WHAT THE TASK ASKS — All of the data that follows should be retyped exactly, please, except the pictures.

::: DATA LISTING

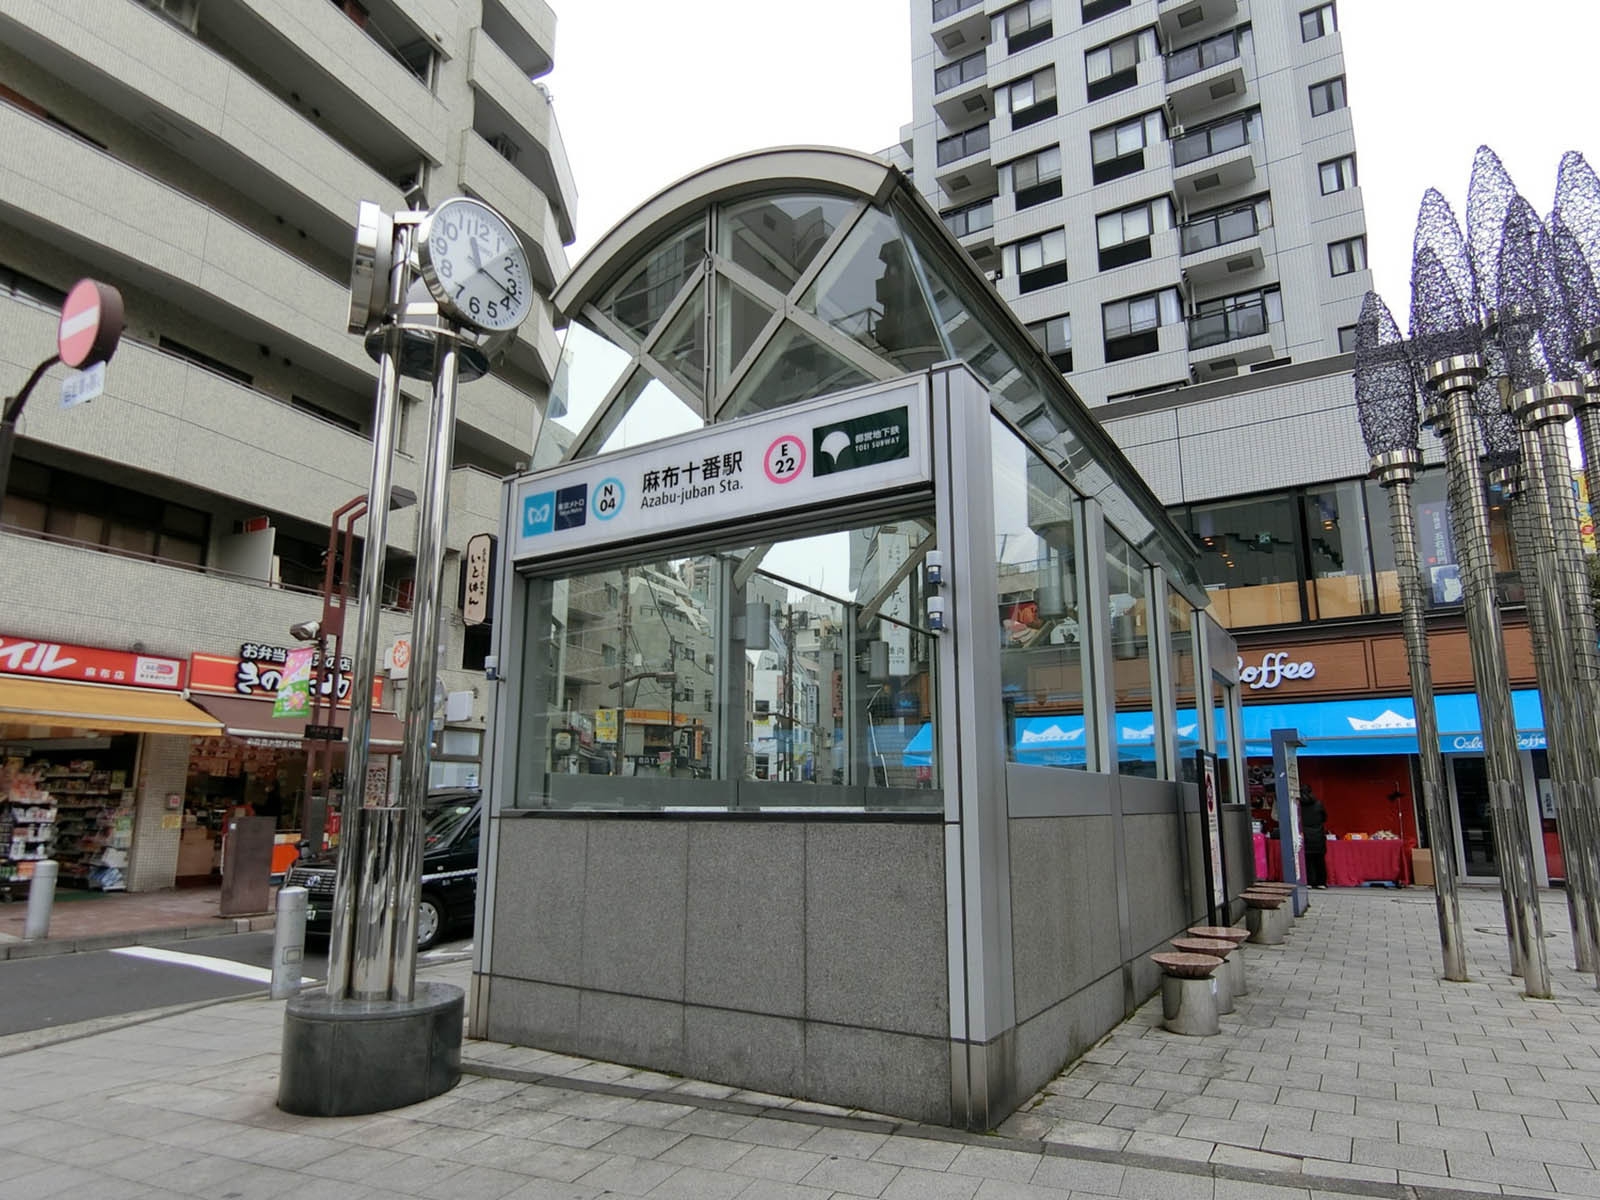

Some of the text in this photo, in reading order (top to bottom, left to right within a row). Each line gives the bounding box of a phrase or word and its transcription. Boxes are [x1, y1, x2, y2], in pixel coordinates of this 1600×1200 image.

[436, 237, 448, 256] 9
[440, 259, 453, 279] 8
[503, 256, 514, 275] 2
[454, 281, 465, 299] 7
[507, 278, 517, 296] 3
[469, 296, 480, 315] 6
[487, 300, 498, 319] 5
[500, 295, 511, 311] 4
[854, 425, 900, 443] 都営地下鉄
[781, 443, 789, 457] E
[855, 436, 900, 453] TOEI SUBWAY
[641, 450, 743, 494] 麻布十番駅
[775, 457, 795, 475] 22
[603, 484, 613, 497] N
[640, 479, 744, 510] Azabu-juban Sta.
[600, 498, 616, 512] 04
[0, 639, 77, 673] イル
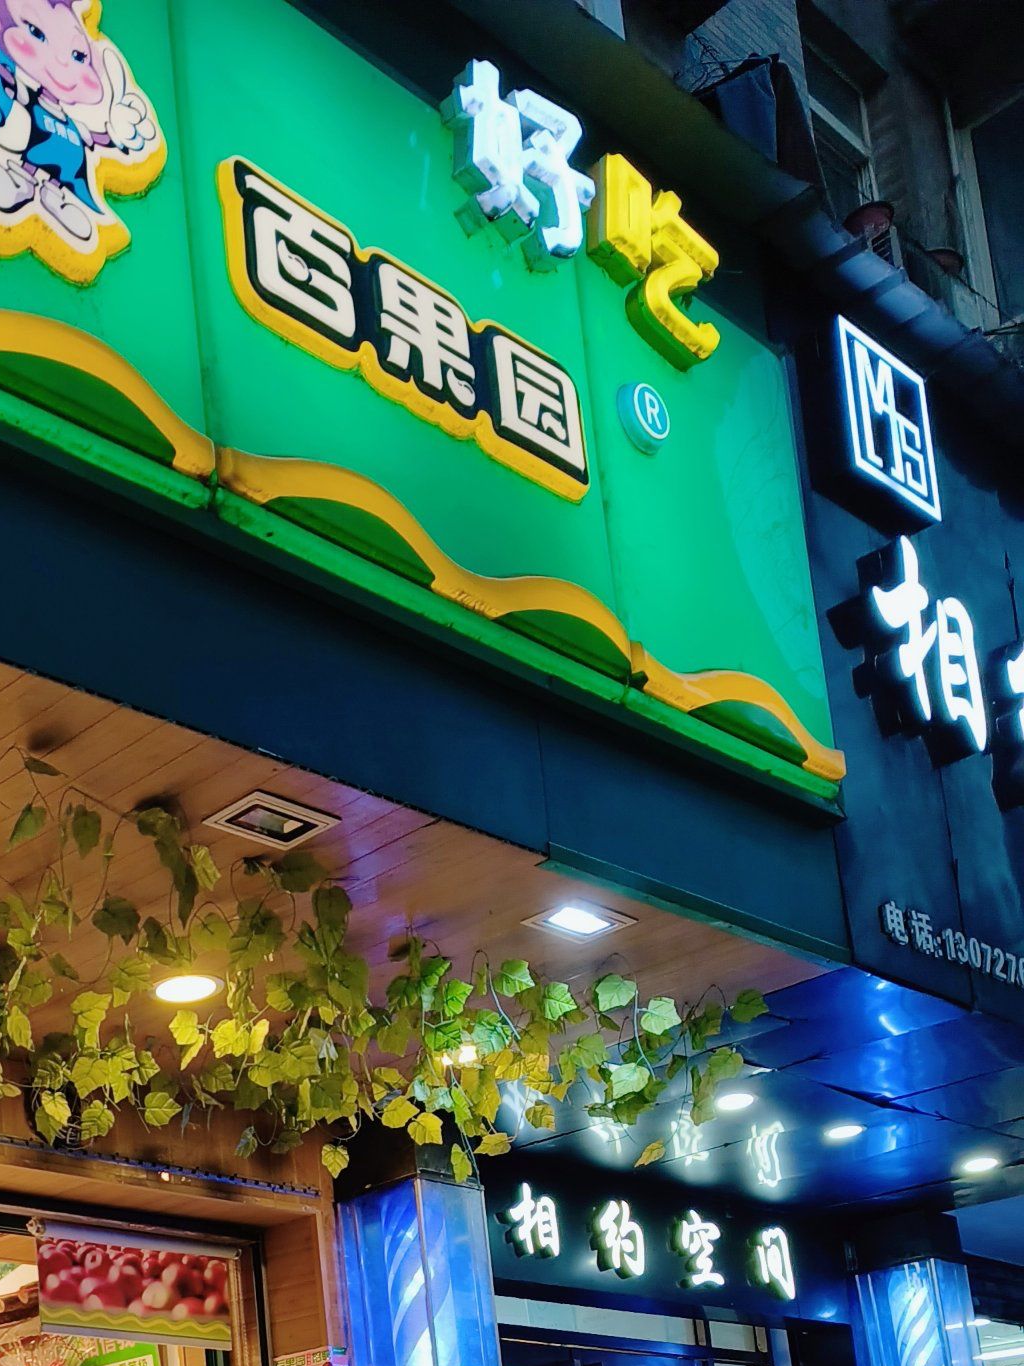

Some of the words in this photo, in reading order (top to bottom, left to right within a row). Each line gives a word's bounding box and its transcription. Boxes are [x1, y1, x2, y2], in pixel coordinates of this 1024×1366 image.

::::::

RESPONSE —
Some of the text in this photo, in reading order (top to bottom, left to right within a row). Each line gives the bounding box of a phrase or word and its transcription. Boxes are [x1, y1, x2, y2], in pixel coordinates of this 1600×1200 image.

[436, 237, 448, 256] 9
[440, 259, 453, 279] 8
[503, 256, 514, 275] 2
[454, 281, 465, 299] 7
[507, 278, 517, 296] 3
[469, 296, 480, 315] 6
[487, 300, 498, 319] 5
[500, 295, 511, 311] 4
[854, 425, 900, 443] 都営地下鉄
[781, 443, 789, 457] E
[855, 436, 900, 453] TOEI SUBWAY
[641, 450, 743, 494] 麻布十番駅
[775, 457, 795, 475] 22
[603, 484, 613, 497] N
[640, 479, 744, 510] Azabu-juban Sta.
[600, 498, 616, 512] 04
[0, 639, 77, 673] イル

Some of the words in this photo, in reading order (top to bottom, left to right within a row). Each line gives a word's bounding box and its transcription. Boxes are [x1, y1, x2, y2], in pixel coordinates of this 1024×1366 image.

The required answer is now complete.